Borderline Patients Are Emotionally Challenging
Mental health professionals are human beings. As such, they have many of the same gut reactions that you do when they’re faced with rage and blame—even though they know intellectually it’s not personal. “Borderline patients can be hostile or attack,” says Marsha M. Linehan. “Therapists can feel so scared, angry, frustrated, or helpless that they pull back. And that is harmful to the patient.”3
Kathleen, a woman with BPD, agrees. “A lot of the therapists I saw were frightened by my rage and my inability to engage or form an alliance with them. I didn’t want really to get better. I just wanted to express rage. I always felt that the people who were treating me were disgusted by me.”4
On the other side of the spectrum, it can be scary if borderline patients go overboard in the other direction: idealizing their therapists, fantasizing about having a relationship with them, and making them the focus of their lives.
Mental health professionals go into the field because they want to help people. When a client
doesn’t get better despite the therapist’s best efforts, it’s tempting to blame the client for the lack of progress and to view their attempts at trying to get what they need as manipulation, rather than to question whether the treatment they’re providing is effective.
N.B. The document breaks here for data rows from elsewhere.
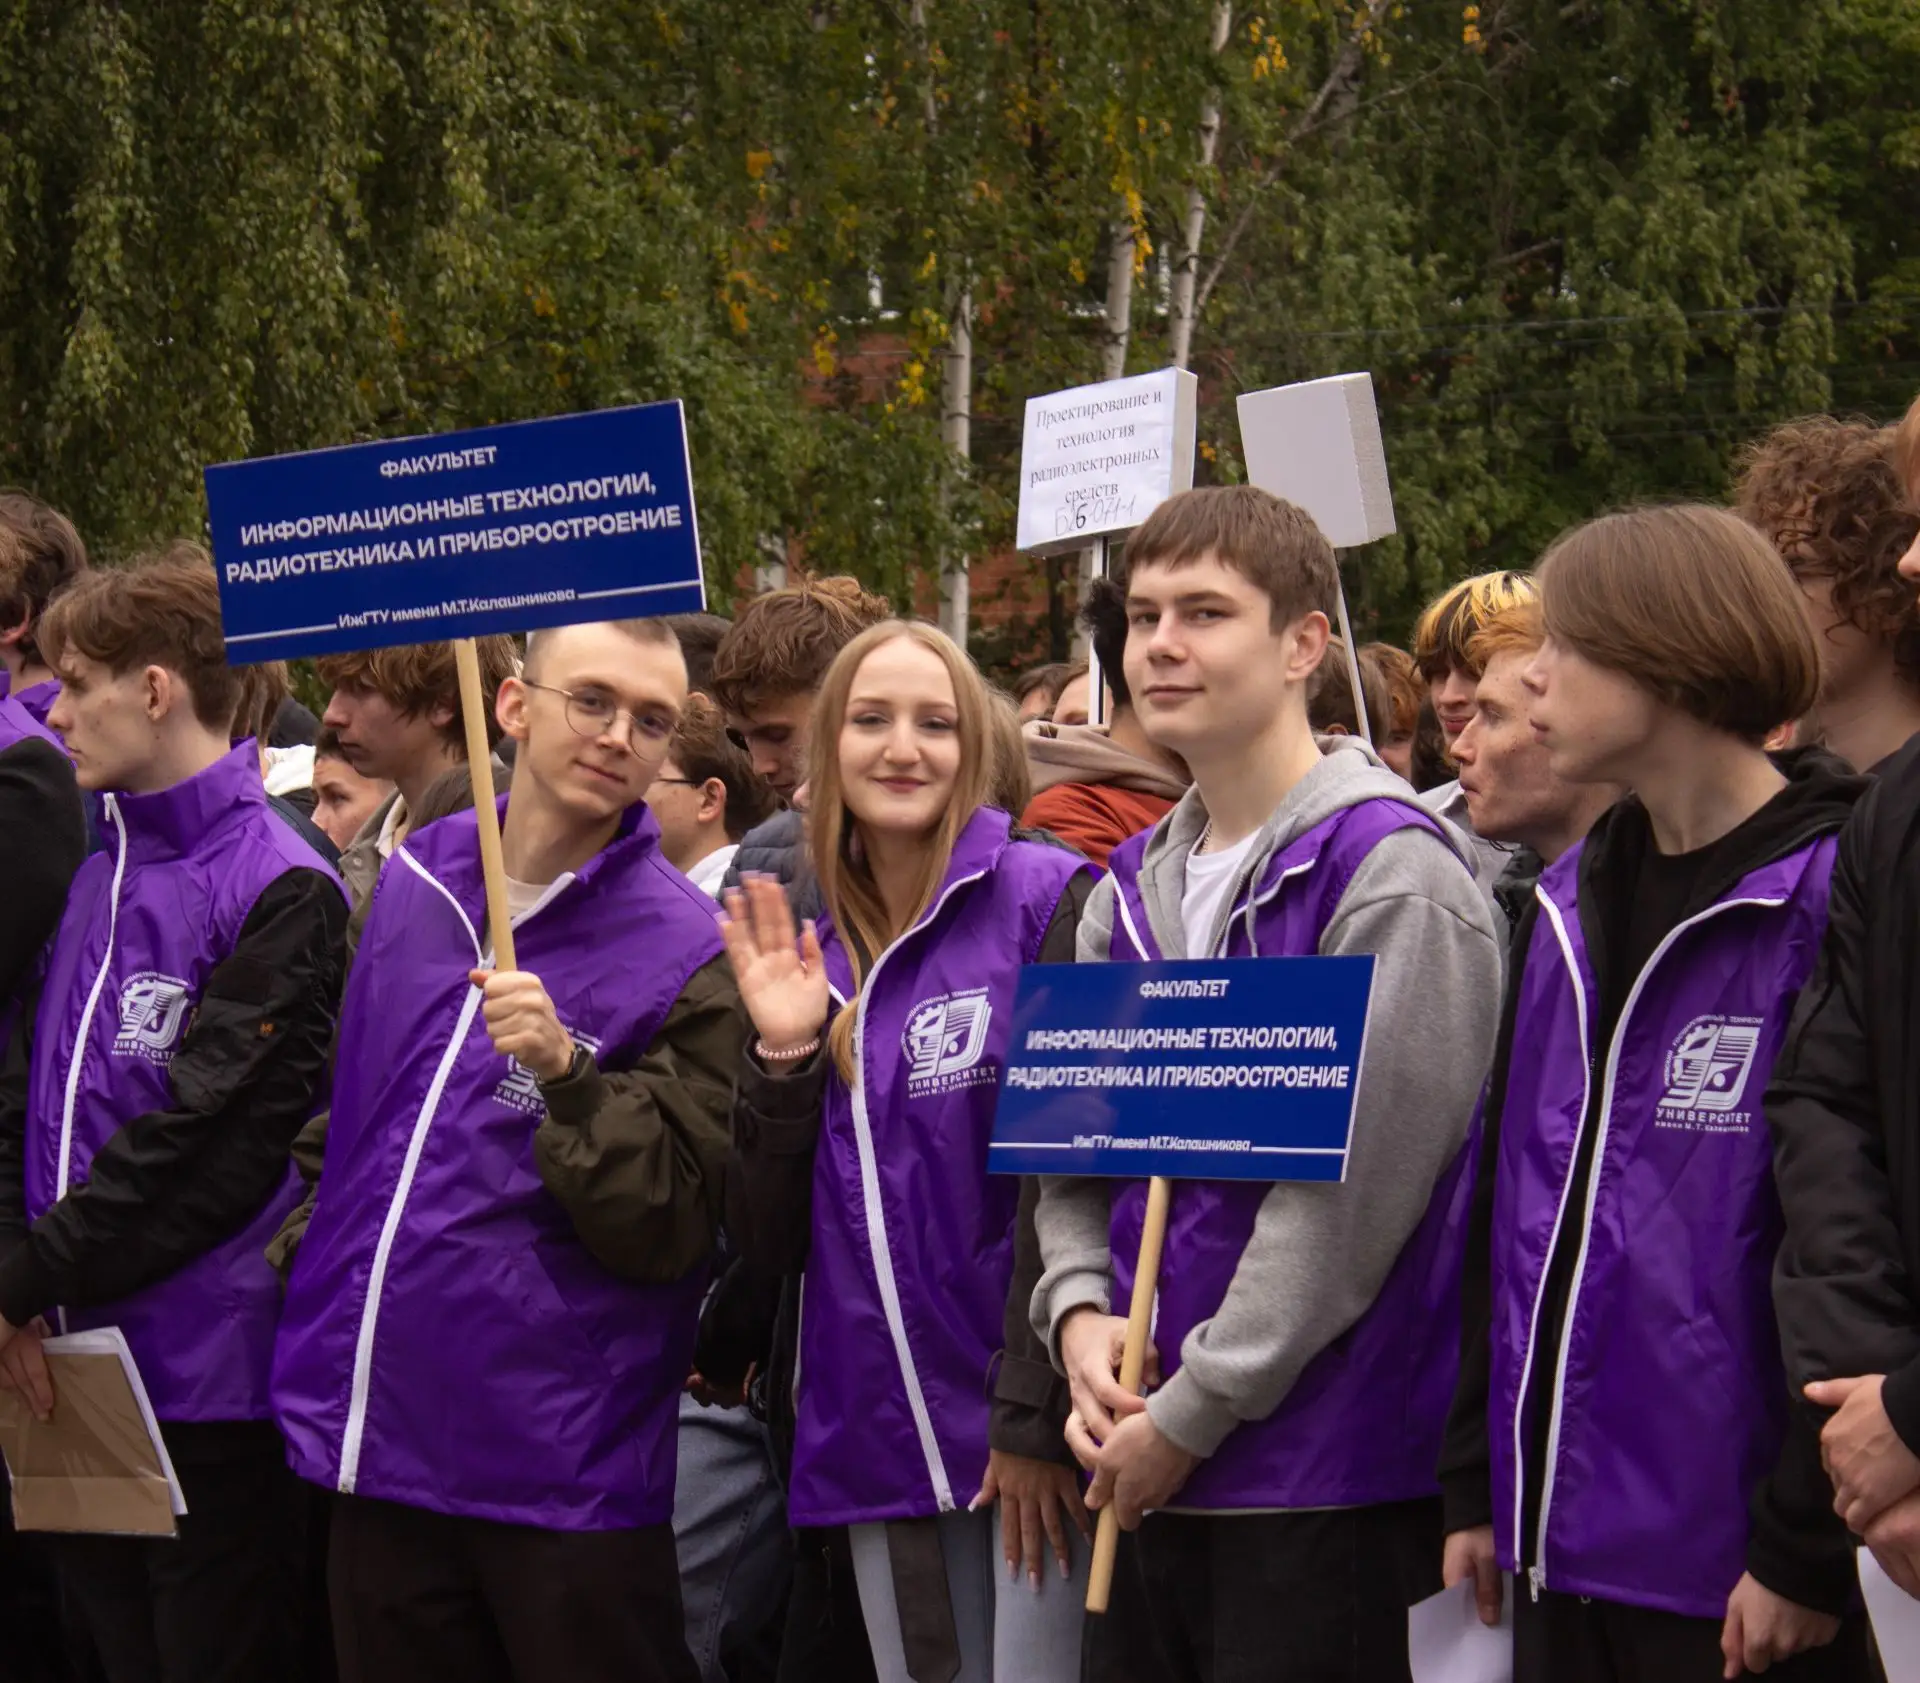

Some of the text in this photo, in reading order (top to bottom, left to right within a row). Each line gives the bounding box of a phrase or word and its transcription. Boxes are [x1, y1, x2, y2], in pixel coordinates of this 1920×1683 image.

[1036, 391, 1161, 428] Проектирование и
[1056, 424, 1135, 449] технология
[380, 446, 497, 478] ФАКУЛЬТЕТ
[1030, 447, 1160, 488] радиоэлектронных
[1065, 483, 1118, 508] средств
[241, 471, 657, 547] ИНФОРМАЦИОННЫЕ ТЕХНОЛОГИИ,
[226, 505, 682, 583] РАДИОТЕХНИКА И ПРИБОРОСТРОЕНИЕ
[338, 588, 576, 629] ИжГТУ имени М.Т.Калашникова
[1139, 979, 1230, 998] ФАКУЛЬТЕТ
[1026, 1026, 1338, 1052] ИНФОРМАЦИОННЫЕ ТЕХНОЛОГИИ,
[908, 1066, 996, 1092] УНИВЕРСИТЕТ
[1006, 1065, 1350, 1090] РАДИОТЕХНИКА И ПРИБОРОСТРОЕНИЕ
[1073, 1135, 1251, 1152] ИжГТУ имени М.Т.Калашникова
Of course, all of this is only a problem if your family member is willing to walk through a clinician’s door.
How Do I Motivate My Family Member to Seek Help?
Nearly everyone in the WTO community has made numerous attempts to compel their family member to see a therapist. Common methods include
• manipulation
• bribes
• crying
• pointing out the person’s flaws
• logic and reasoning
• begging and pleading
• leaving self-help books around the house
What happens next is as predictable as the change of seasons.
Stage 1: The BP says it’s the non-BP who needs therapy, not the BP. If the non-BP has unwisely put forth BPD as an explanation for their BP’s behavior, the BP accuses the non-BP of being the one with BPD. For good measure, the BP also accuses the non-BP of being abusive, unreasonable, and controlling.
Stage 2: In desperation, often during a crisis, the non-BP finally resorts to an ultimatum such as “Go to a therapist or I’m leaving you,” or some other consequence. The non-BP hopes that once the BP is in therapy, the clinician will force their family member to see the light.
Stage 3: Apprehensive that his loved one might actually carry out his threat, the BP agrees to see a therapist, perhaps with the partner or other family members. Therapy, however, goes nowhere. That’s because even the best BPD clinicians can’t help a patient who doesn’t want to be helped.
Stage 4: Once the immediate threat dissipates, the BP finds some reason to drop out of therapy. This is especially true if the therapist is a good one, skilled at bringing the focus to the BP’s core issues instead of reinforcing the BP’s feelings of victimhood. However, if the therapist takes everything the BP says at face value without probing further—and this is not uncommon—the therapist may inadvertently reinforce the BP’s twisted thinking, making things worse.